New Ending Violence Against Women Media Awards launched
12 May 2016
The End Violence Against Women (EVAW) Coalition, of which Rape Crisis England & Wales is a member, has launched its inaugural ‘Ending Violence Against Women and Girls Media Awards’ to recognise the very best reporting on issues of violence against women and girls.
Chaired by author and journalist Joan Smith, these new UK-wide Media Awards aim to encourage greater investment in stories about violence against women and girls that are informed, accurate, sensitive and fair, and that help to ‘set the agenda’ and create public debate and change.
Chair of the Awards Joan Smith said:
“The media has the capacity to create a much better informed debate about violence against women and girls. It has the reach and influence to expose apparently invisible of forms of abuse such as trafficking and so-called ‘honour’-based violence, while also challenging the state response to apparently routine and inevitable forms of abuse, including sexual and domestic violence.
“Documentaries like Roger Graef’s ground-breaking exposure of the way Thames Valley Police “interrogated” a rape complainant as to her conduct, and more recently the London Evening Standard’s high-profile campaign on FGM, have helped to change the way our society responds to these crimes.
“We are launching these new awards on Press Freedom Day so that we can highlight the importance of protecting and upholding a free press which is unafraid of challenging abuses of power. It’s often forgotten that women and girls are among those who benefit most from fearless reporting.”
The Ending Violence Against Women and Girls Media Awards are launched at a time of critical change. After the exposure of Jimmy Savile by a daring ITV documentary – as well as other well-known men who abused their position - more survivors of rape and sexual abuse than ever before are approaching police and support services for help. Young British-born women are putting FGM, forced marriage, sexual harassment and the culture of sexual bullying in our schools on the agenda.
The Government in Westminster has a Violence Against Women and Girls Strategy which aims to address and prevent different forms of abuse. But victim-blaming remains a powerful inhibitor of the confidence needed to challenge abuse, and support services are facing serious cuts. Continued, high quality reporting on all forms of violence against women and girls is absolutely critical.
Joan Smith continued:
“These awards have been created to recognise those journalists and editors who, despite the prejudice that still exists towards victims, report on violence against women in a sensitive and constructive way.
“They will reward those who take time to understand the issues, consult with experts and survivors, report on the context of abuse and barriers to preventing it, and use sensitive language to tell important stories. It is hoped that these awards will encourage editors to commission, invest in and prominently feature stories about violence against women and girls.”
Ending Violence Against Women and Girls Media Awards categories will include:
- News - print, digital
- Broadcast News – TV, radio
- Features - print, digital (includes photojournalism)

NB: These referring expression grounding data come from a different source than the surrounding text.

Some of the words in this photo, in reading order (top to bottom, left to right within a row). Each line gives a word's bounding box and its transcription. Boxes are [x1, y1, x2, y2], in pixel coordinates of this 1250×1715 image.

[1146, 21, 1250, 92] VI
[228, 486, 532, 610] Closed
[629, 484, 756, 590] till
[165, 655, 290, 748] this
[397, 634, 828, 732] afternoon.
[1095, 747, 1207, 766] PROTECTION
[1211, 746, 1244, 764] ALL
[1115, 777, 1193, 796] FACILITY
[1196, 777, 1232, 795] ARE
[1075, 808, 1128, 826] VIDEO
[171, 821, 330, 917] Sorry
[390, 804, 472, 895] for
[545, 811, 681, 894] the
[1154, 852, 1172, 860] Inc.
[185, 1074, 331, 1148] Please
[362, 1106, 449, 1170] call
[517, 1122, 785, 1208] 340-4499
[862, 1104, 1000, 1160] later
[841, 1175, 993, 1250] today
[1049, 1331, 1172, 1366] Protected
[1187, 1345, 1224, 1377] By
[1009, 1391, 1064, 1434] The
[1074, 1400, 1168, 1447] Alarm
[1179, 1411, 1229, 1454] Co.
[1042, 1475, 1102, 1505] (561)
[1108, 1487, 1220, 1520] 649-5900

- Documentary - audio / TV / digital platforms
- Opinion/comment – print, digital, broadcast (includes blogs with a wide reach)
- New journalist
- Wooden spoon
Further judges will be announced shortly and will comprise working journalists and experts on violence against women and girls.
Entries which were published/broadcast/shared from 1st January 2016 are welcome, and the closing date for entries will be Monday 3rd October 2016. The award winners will be announced on 25th November 2016, the International Day for the Elimination of Violence Against Women.